The difference between RAM ( random access memory) and cache
memory, is the location and speed, and how it is used.

It was discovered that by PREDICTING what memory locations
" Were GOING to be used ", the computer could speed up the
the process of reading the next set of memory locations,
by having a "predictor" program load the memory into VERY
fast memory, close to, or inside the CPU ( Central Processing UNIT ie the Pentium chip ). There are different levels of Cache RAM, usually called L1, L2, L3 etc. with
L1 Cache being built right on the chip itself, or on chips
built onto the CPU chip module at the factory. L2 Cache ram
is usually added in slots very close to where the CPU ( Pentium), is located on the motherboard. Believe it or not,
the computer chips run so fast, that electricity, moving at the speed of light, takes TIME, to travel across the circuitboard, so that the L1 cache is in the heart of the CPU, and the L2 add on cache is as close as possible to the
core to speed up the transfere.
In early Pentium ( and AMD, Cyrix, IBM, etc. clones,) the
L1 cache was controlled by what can be considered an entire computer WITHIN the CPU. This "computer" had a program, with
its own ram, and rom, and it was pre-programmed at the factory.

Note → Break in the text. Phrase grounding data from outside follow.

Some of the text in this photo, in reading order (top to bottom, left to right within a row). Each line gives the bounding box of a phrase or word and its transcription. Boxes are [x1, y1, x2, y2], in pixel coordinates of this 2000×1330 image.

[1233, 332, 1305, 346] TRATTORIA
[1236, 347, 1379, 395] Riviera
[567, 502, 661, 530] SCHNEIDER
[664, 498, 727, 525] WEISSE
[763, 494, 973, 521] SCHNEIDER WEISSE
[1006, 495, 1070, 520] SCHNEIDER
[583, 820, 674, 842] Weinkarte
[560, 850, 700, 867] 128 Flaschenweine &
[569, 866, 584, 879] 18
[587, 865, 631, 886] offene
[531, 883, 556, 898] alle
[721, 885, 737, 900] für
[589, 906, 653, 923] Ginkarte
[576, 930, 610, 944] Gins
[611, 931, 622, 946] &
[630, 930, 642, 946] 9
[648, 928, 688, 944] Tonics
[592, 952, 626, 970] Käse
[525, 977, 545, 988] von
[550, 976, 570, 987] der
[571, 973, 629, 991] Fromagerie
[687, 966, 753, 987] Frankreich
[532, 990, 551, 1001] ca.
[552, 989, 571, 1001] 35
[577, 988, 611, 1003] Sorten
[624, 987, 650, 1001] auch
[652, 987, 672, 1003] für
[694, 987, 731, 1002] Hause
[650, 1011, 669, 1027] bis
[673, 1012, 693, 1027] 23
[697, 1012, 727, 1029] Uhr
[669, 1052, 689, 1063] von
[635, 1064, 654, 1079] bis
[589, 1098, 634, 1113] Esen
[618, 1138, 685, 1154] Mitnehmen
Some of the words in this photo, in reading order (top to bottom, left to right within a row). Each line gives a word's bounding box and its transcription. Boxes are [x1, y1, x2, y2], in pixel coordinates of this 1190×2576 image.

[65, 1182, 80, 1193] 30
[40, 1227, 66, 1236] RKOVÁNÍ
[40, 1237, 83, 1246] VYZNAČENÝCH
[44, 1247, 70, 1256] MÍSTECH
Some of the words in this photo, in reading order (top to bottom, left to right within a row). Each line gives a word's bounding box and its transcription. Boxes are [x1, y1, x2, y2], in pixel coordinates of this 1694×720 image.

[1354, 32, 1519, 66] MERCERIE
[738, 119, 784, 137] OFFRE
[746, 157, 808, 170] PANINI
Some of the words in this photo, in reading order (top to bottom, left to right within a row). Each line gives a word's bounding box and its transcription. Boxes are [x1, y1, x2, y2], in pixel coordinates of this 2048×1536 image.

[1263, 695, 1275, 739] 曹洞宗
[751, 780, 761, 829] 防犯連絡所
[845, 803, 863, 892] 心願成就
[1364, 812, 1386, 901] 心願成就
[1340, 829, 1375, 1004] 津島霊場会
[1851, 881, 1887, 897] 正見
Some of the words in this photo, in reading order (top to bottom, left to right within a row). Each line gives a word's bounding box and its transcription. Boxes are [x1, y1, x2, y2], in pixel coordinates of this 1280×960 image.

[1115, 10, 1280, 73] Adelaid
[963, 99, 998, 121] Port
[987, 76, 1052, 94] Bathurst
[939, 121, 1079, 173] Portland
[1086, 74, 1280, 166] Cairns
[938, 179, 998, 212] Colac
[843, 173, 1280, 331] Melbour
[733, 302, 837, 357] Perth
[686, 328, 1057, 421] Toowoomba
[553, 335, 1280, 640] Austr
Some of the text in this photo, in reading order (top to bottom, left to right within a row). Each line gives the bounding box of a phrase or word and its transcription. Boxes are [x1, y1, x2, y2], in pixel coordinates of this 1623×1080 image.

Its job, was to watch what the (big) computer was doing, and predict, what the computer was going to do NEXT. For example, if you were running a program that used program lines 345, 346, 347, 348, then it would predict that you
would use lines 349, 350, 351, 352, etc, and load them from the " SLOW" ram cards in the ram slots, into the blazing fast Cache ram, right inside the CPU itself, where the
CPU could access it immediately. There are different kinds of cache ram within the "Cache" " Predictor" program, such
as TAG ram, Dirty ram, etc. which are used to keep track of what ram is loaded, used, and changed, by the running software that the CPU is currently using. Tag ram would keep a list of the ram locations that were loaded into the L1
cache, and the Dirty ram, would keep track of which L1 cache
locations had CHANGES made - when the "predictor" program
decided that NEW locations of slow RAM were going to be used, it had to put back the old RAM locations' memory contents. It Could ignore memory values that WERE NOT CHANGED ( saving time otherwise spent writing the information BACK to the slow RAM ), but would have to write
back any CHANGED ram back to the slow ram (marked dirty).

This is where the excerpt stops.